NAVER LABS Europe seminars are open to the public. This seminar is virtual and requires registration
Date: 3rd March 2022, 11:00 am (GMT +1)
Abstract: After textual information retrieval has stalled for many years, pre-trained transformer networks gave a big performance boost resulting in extremely better search results. However, so far these approaches require large amount of training data which is seldom available for many use-cases. In this talk, I will start with an overview of different neural search approach. I will then present BEIR, a benchmark that test neural search methods in an out-of-domain setting. As the benchmark reveals, many architecture are sensitive to domain shifts limiting their usefulness for many real word applications.
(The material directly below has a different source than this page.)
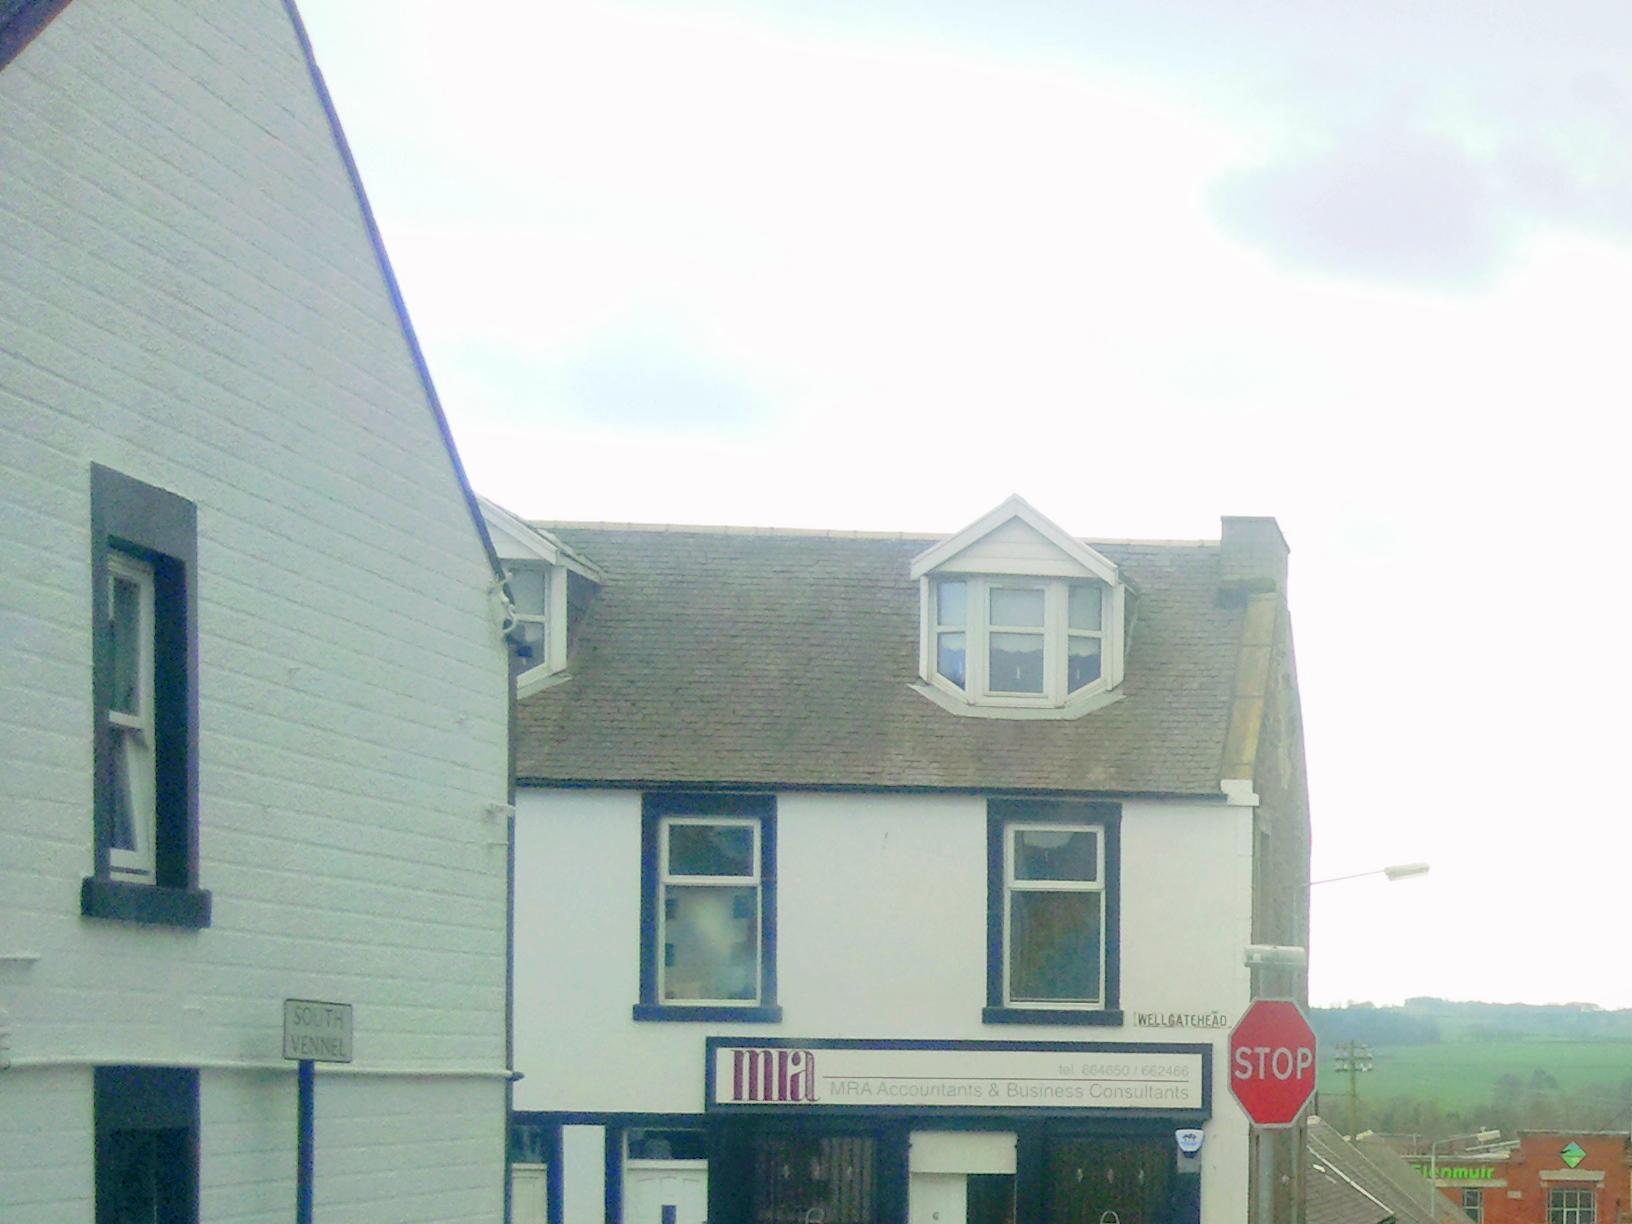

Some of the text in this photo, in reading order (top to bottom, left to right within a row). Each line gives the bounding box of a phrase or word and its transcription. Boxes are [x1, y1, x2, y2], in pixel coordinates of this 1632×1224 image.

To overcome this short-coming, we created Generative Pseudo Labeling (GPL), a method that transfers knowledge from slow, but robust architectures, to fast but domain-sensitive approaches, which results in highly improved search quality.
About the Speaker: The research focus of Nils Reimers is on representation learning & neural search. During his post-doc at the UKP Lab at TU Darmstadt, he authored Sentence-BERT, which later resulted in the popular sentence-transformers library that allows to compute state-of-the-art text and image embeddings. In his research, he focuses on making text embeddings & neural search more widely accessible with a focus on domain adaptation and multilinguality. In May 2021, Nils joined HuggingFace to lead the research team on Neural Search and to further enhance sentence-transformers.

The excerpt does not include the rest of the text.